First: there is no battle
Some users fight each other in stupid flamewars, but hey, show me one thing where you do not find these kind of people. Besides that, the developers normally have a very friendly relationship and work together quite a lot: they share code, use programs of the other DE, talk about solutions, offer to make their programs desktop agnostic, and so on.
The project themselves are also coordinating their efforts, freedesktop.org and tango are very good examples for this. They sit together when they have to address important issues where Linux still have major disadvantanges (printing for example), and so on.
So: there is no war. There is no battle. There is cooperation. Sure, there is also friendly competition, but have you never competed with a friend and kept the friendship afterwards?
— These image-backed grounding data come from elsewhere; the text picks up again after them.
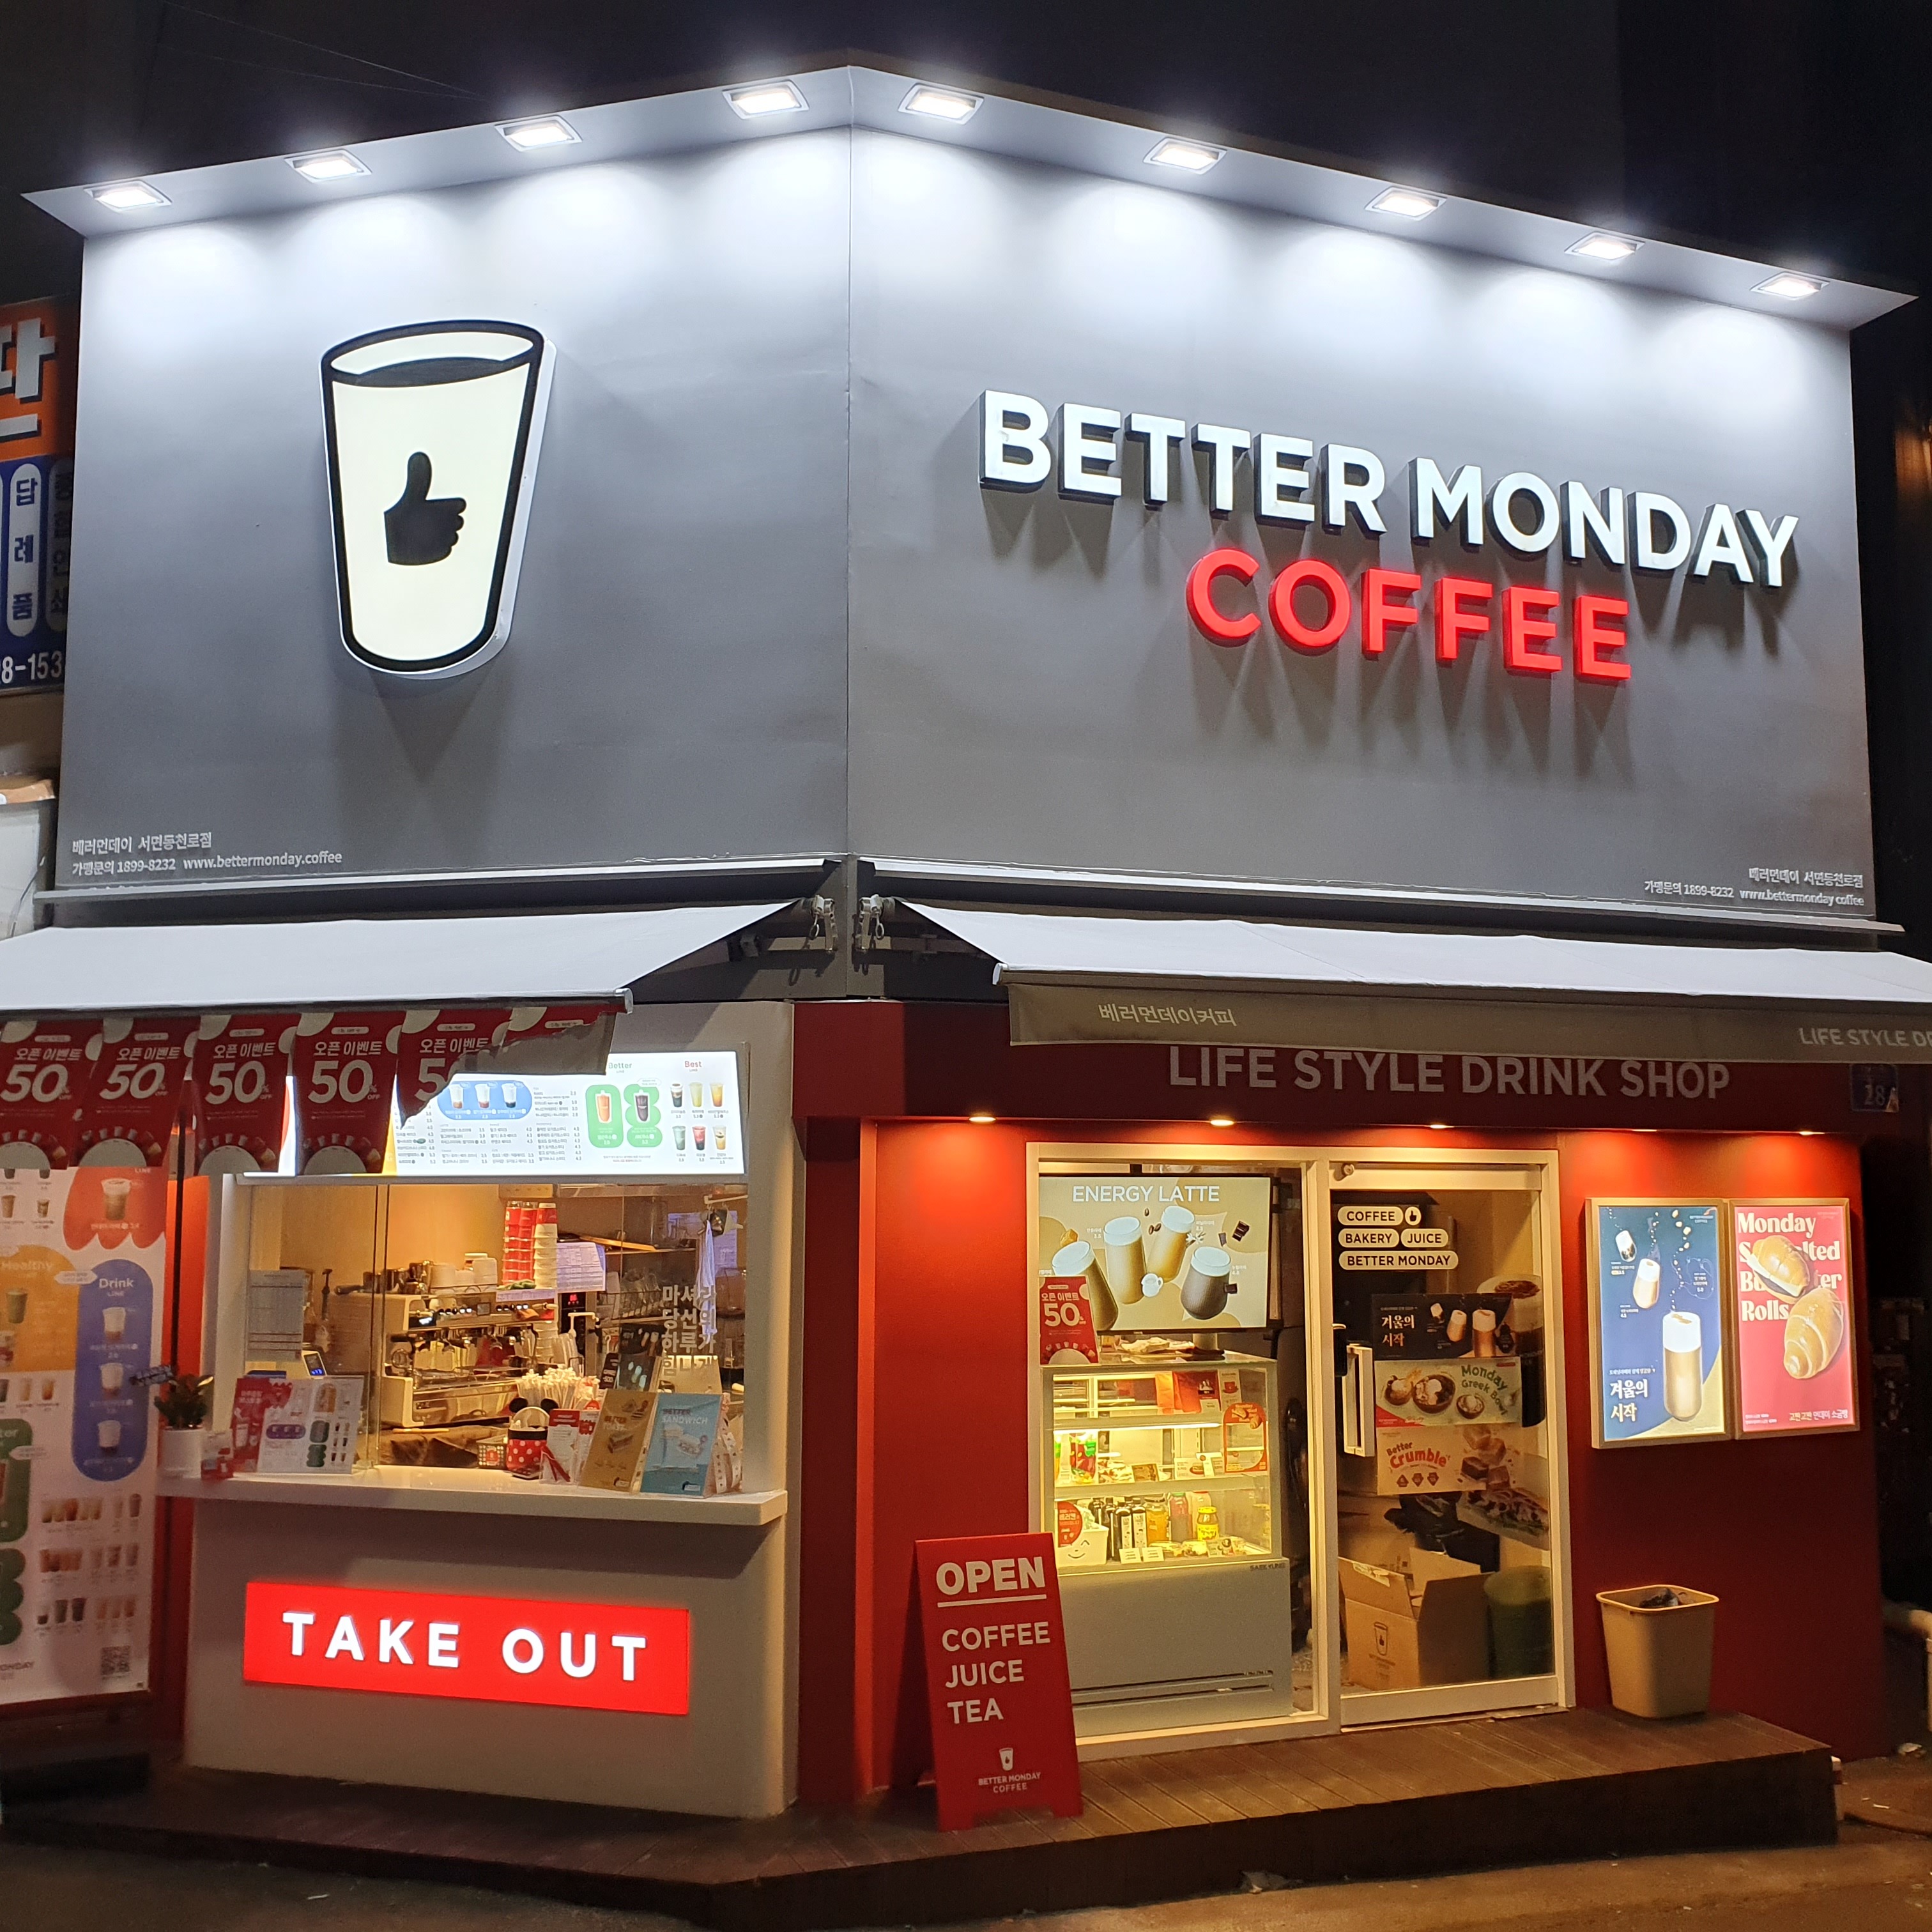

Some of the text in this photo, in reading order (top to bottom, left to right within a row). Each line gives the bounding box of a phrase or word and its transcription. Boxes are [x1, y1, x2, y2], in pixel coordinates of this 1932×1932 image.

[981, 389, 1799, 587] BETTER MONDAY
[13, 477, 37, 621] 답례품
[1186, 548, 1631, 680] COFFEE
[137, 832, 212, 852] 서면동천로점
[72, 851, 342, 876] 가맹문의 1899-8232 www.bettermonday.coffee
[1804, 871, 1864, 889] 서면동천로점
[1644, 880, 1865, 907] 가맹문의 1899-8232 www.bettermonday.coffee
[1098, 1002, 1238, 1027] 베러먼데이커피
[419, 1038, 447, 1054] 오픈
[1798, 1027, 1844, 1046] LIFE
[1846, 1029, 1910, 1047] STYLE
[14, 1048, 83, 1061] 오픈 이벤트
[116, 1046, 181, 1061] 오픈 이벤트
[213, 1042, 276, 1059] 오픈 이벤트
[314, 1041, 383, 1056] 오픈 이벤트
[1169, 1046, 1730, 1100] LIFE STYLE DRINK SHOP
[1072, 1185, 1220, 1202] ENERGY LATTE
[1346, 1211, 1395, 1222] COFFEE
[1737, 1212, 1817, 1239] Monday
[1345, 1233, 1442, 1244] BAKERY JUICE
[1347, 1255, 1451, 1266] BETTER MONDAY
[99, 1278, 134, 1289] Drink
[663, 1308, 715, 1330] 당신의
[1741, 1300, 1790, 1322] Rolls
[1381, 1314, 1414, 1330] 겨울의
[661, 1331, 716, 1353] 하루가
[1383, 1332, 1404, 1347] 시작
[1460, 1364, 1508, 1391] Monday
[1461, 1379, 1508, 1416] Greek Bowl
[1609, 1378, 1648, 1400] 겨울의
[661, 1416, 709, 1424] SANDWICH
[1611, 1402, 1638, 1423] 시작
[1386, 1442, 1413, 1456] Better
[936, 1556, 1046, 1596] OPEN
[282, 1611, 647, 1682] TAKE OUT
[942, 1621, 1051, 1652] COFFEE
[946, 1659, 1025, 1688] JUICE
[947, 1698, 1004, 1724] TEA
[978, 1772, 1041, 1786] BETTER MONDAY
[993, 1782, 1028, 1793] COFFEE
Whoever sees this situation as a battle is a dumb moron. So is the author of the article.
Second: no one cares about desktop environments
No one but some dumb morons and stupid flamewar-loving users is interested in the “which DE”-question. No one. Especially not independent software vendors (ISVs), they do not care, they don’t want to care, and they don’t have to because it is completly uninteresting for them. This is something everyone should have learned after the meeting in Portland which lead to the launch of the Portland Project.
The meeting was intended to get all fractions of the Linux desktop together with ISVs adn to discuss the problems. It turned out that the main questions ISVs are confrontated are completly independent form the question of which desktop environment you are using – and that these questions have to be answered by all Linux DEs in the same way!
To get a feeling of what I’m writing you should have a look at the task page of the project which describes the short, mid and long term tasks of the project. The tasks are pretty practical, and far away from any theoretical discussion about GUIs, DEs or licenses: How do I call the default Web browser? How do I call the standard file open dialog? How do I add a menu entry? How do I send an e-mail? How do I get teh default application for task xyz? How can I register to become a standard handler for mimetype xyz? And so on…
The list is long, but also very interesting. It shows that there is still a lot work to do until the normal ISV is able to port his application to linux without beeing an expert in twenty different linux distributions. It also gives a good idea why there are not to many ISVs which have started yet.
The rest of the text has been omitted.